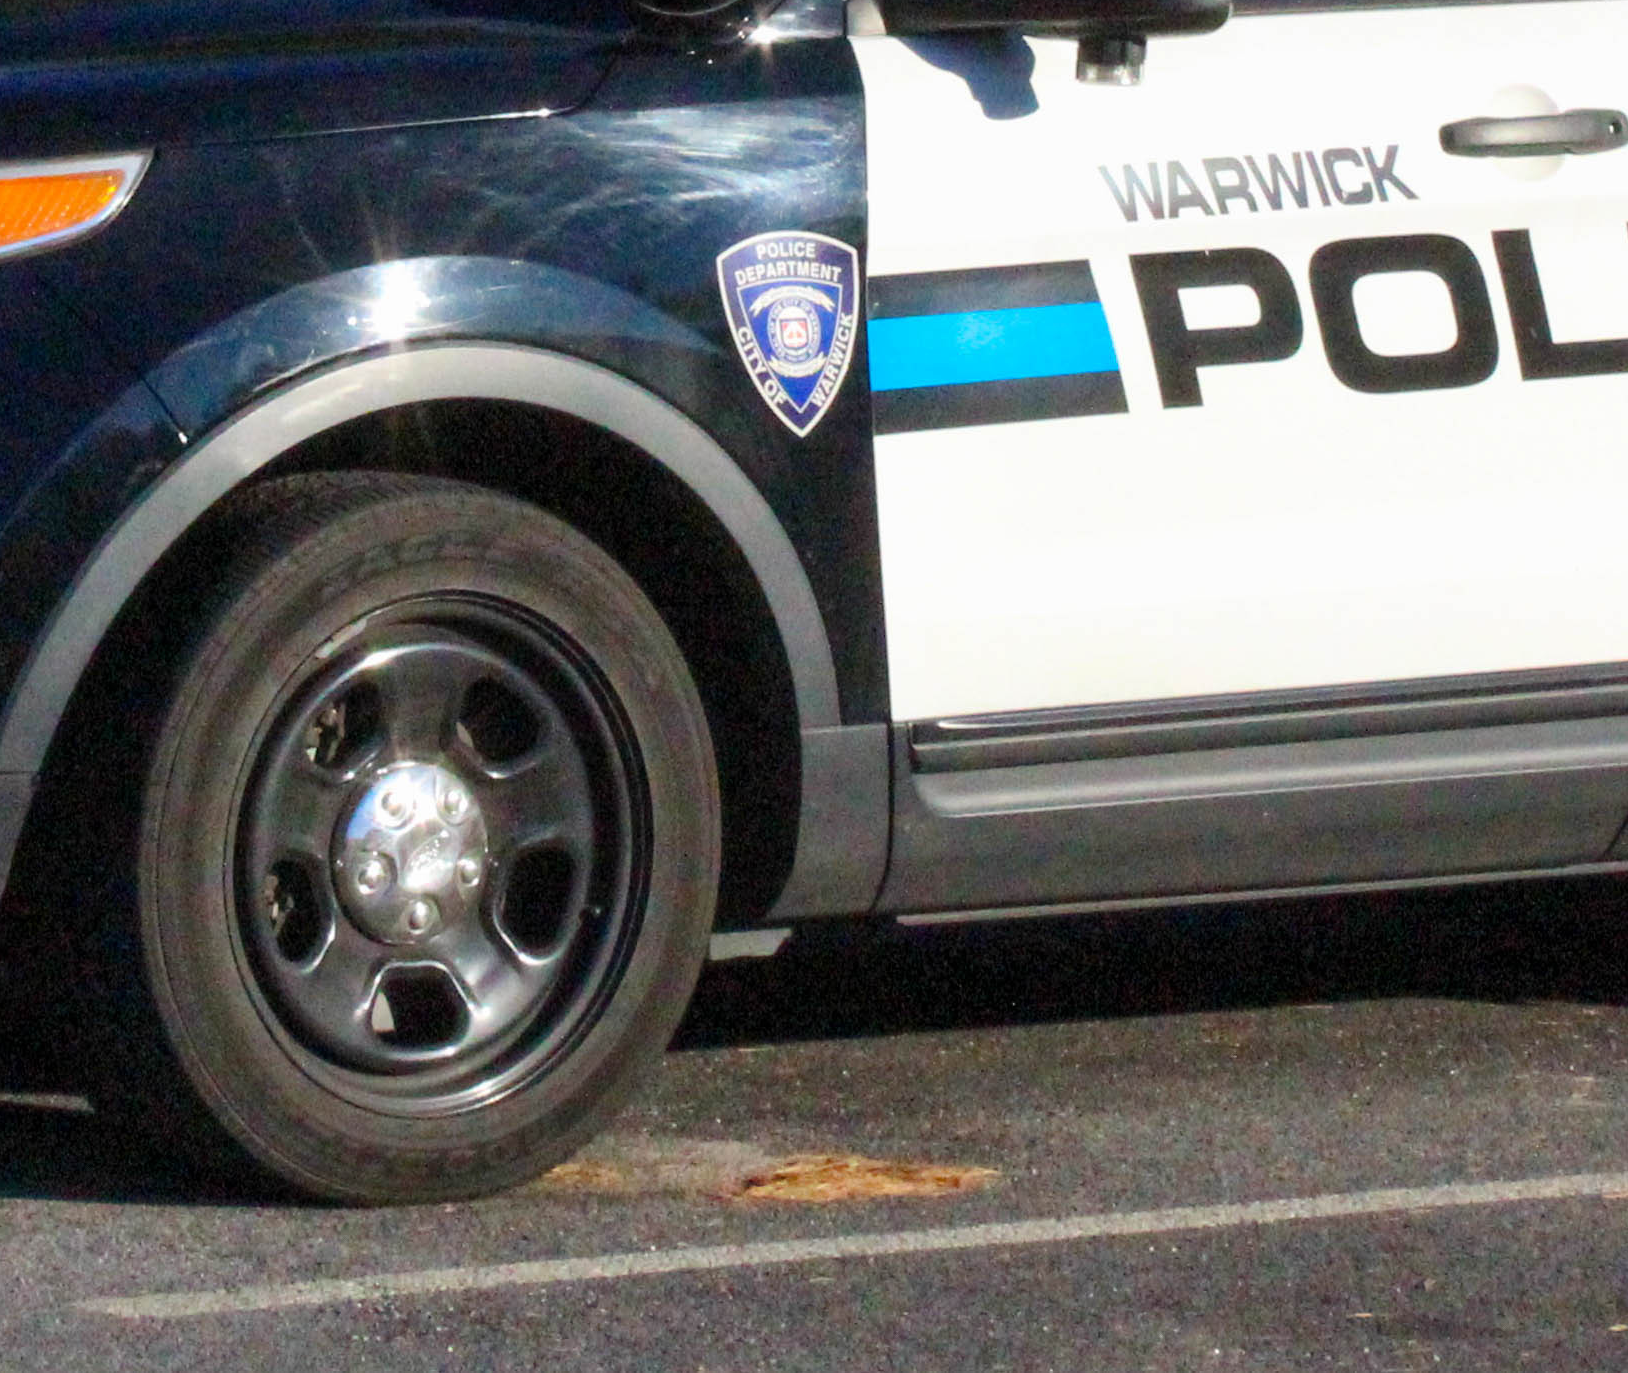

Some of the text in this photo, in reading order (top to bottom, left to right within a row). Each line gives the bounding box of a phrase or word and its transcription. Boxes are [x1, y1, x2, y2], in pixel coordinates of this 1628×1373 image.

[1098, 145, 1419, 223] WARWICK
[734, 260, 842, 285] DEPARTMENT
[756, 241, 816, 259] POLICE
[737, 326, 768, 378] CITY
[763, 377, 789, 406] OF
[809, 311, 853, 409] WARWICK
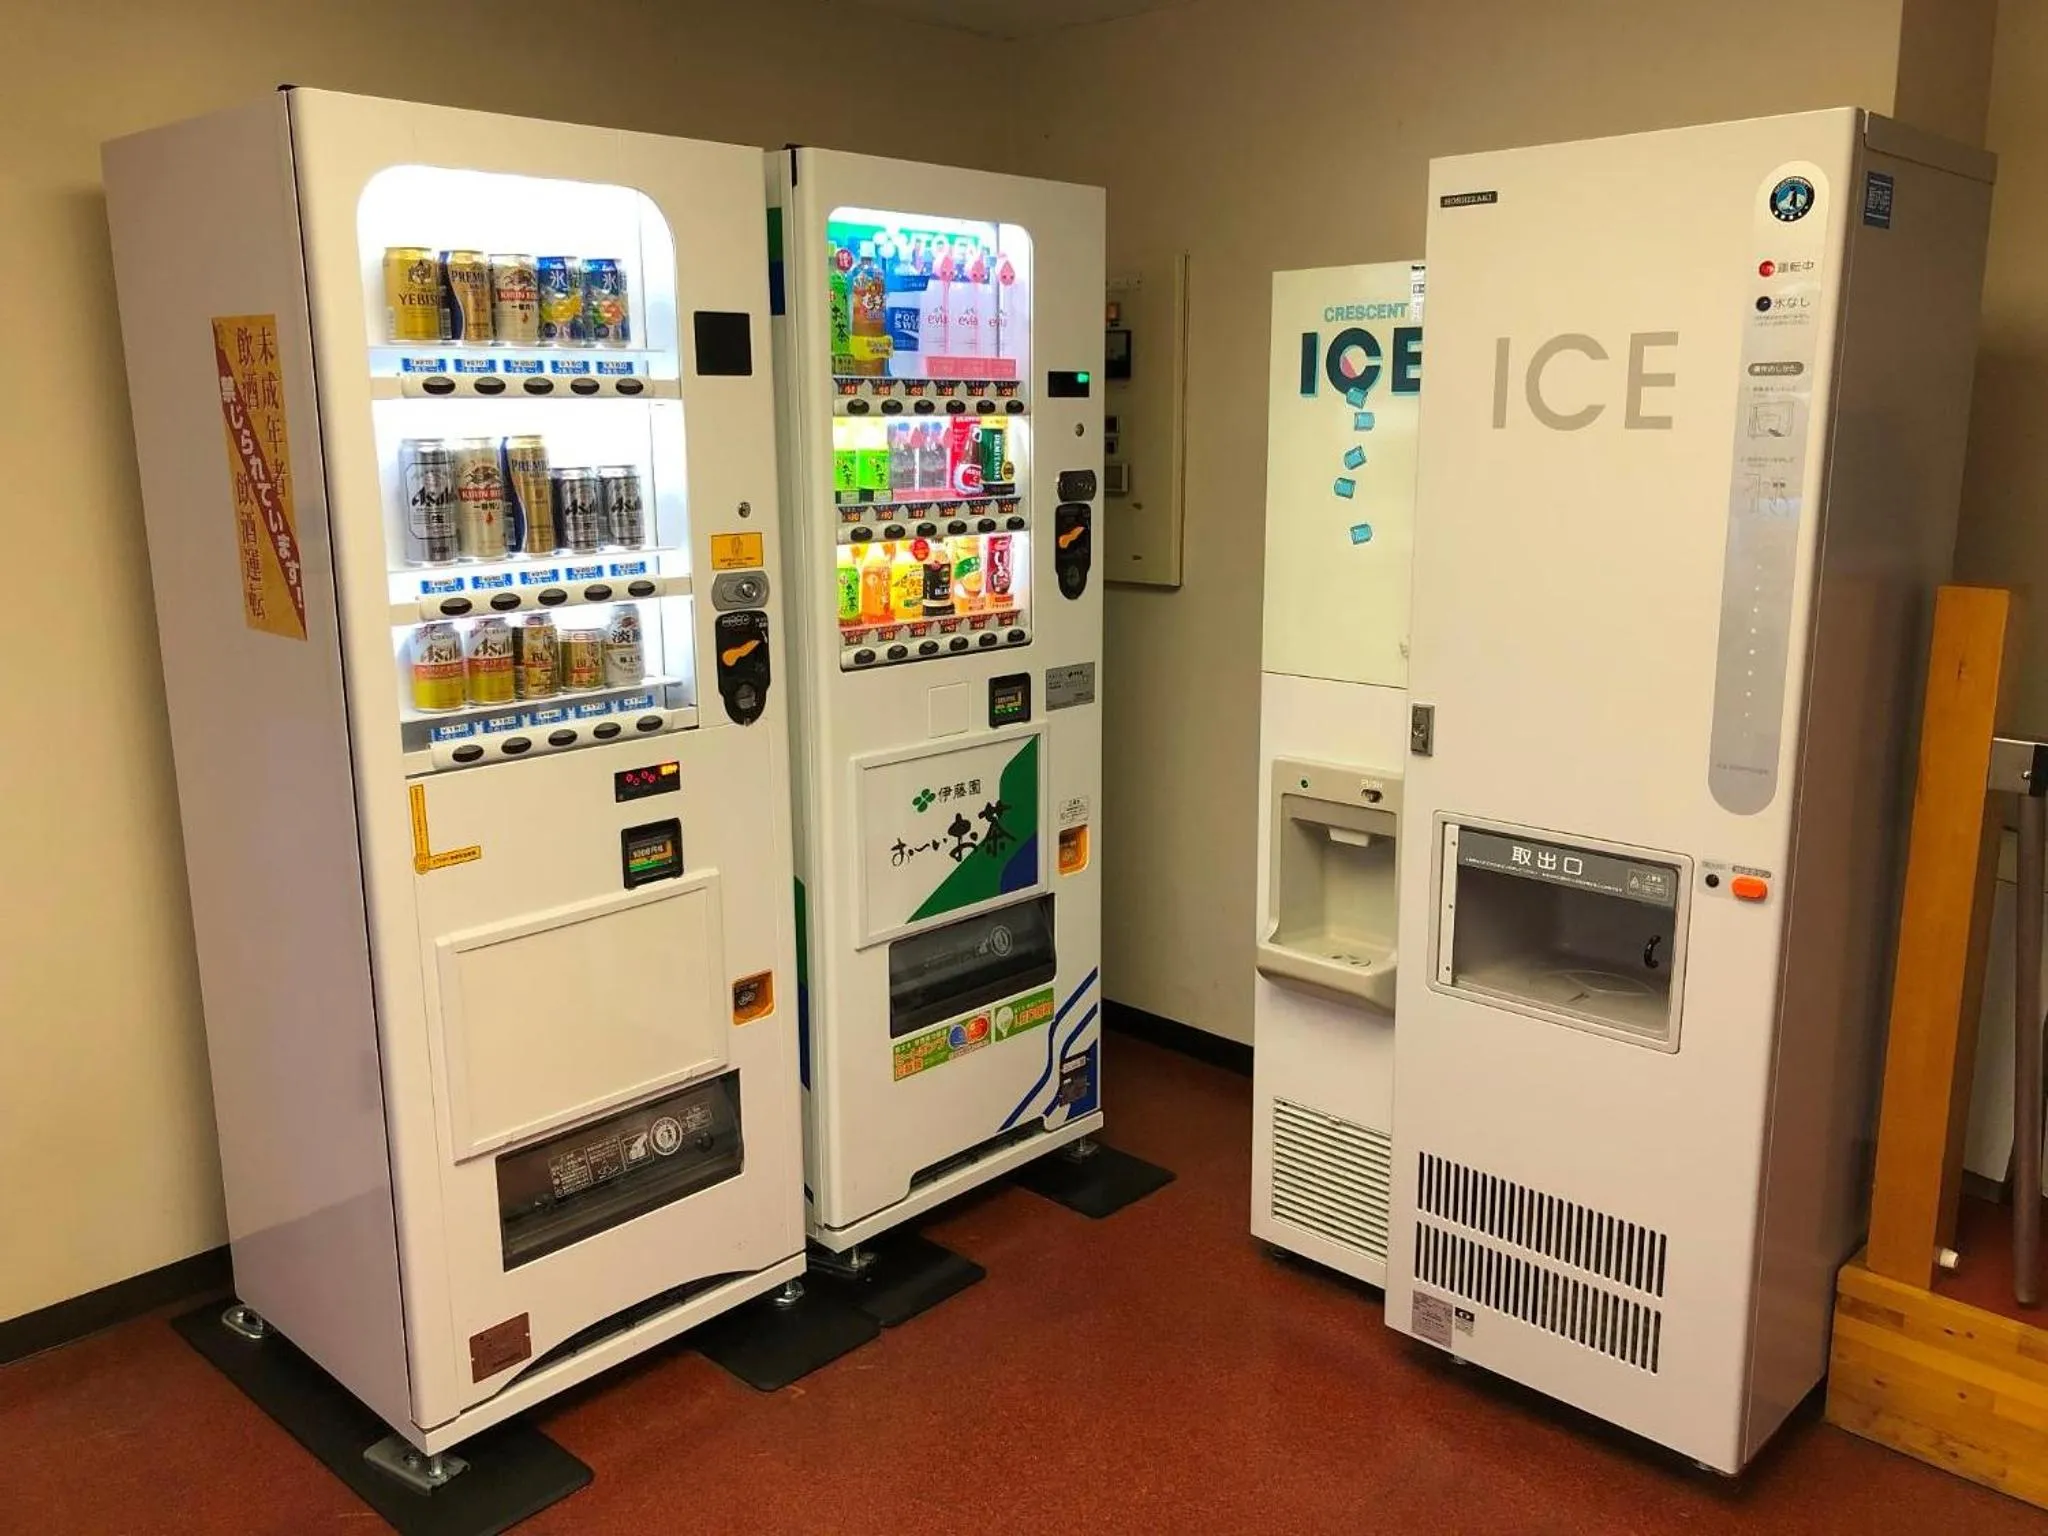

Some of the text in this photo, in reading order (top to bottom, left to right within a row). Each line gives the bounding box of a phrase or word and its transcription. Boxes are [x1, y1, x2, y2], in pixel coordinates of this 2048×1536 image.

* **The problem**
What you return should be the full listing, unchanged, minus the pictures.

* **Exercise response**
Some of the text in this photo, in reading order (top to bottom, left to right within a row). Each line gives the bounding box of a phrase or word and its transcription. Boxes are [x1, y1, x2, y2], in pixel coordinates of this 1628×1373 image.

[1098, 145, 1419, 223] WARWICK
[734, 260, 842, 285] DEPARTMENT
[756, 241, 816, 259] POLICE
[737, 326, 768, 378] CITY
[763, 377, 789, 406] OF
[809, 311, 853, 409] WARWICK

Some of the text in this photo, in reading order (top to bottom, left to right within a row). Each line gives the bounding box of a phrase or word and its transcription. Boxes are [x1, y1, x2, y2], in pixel coordinates of this 2048×1536 image.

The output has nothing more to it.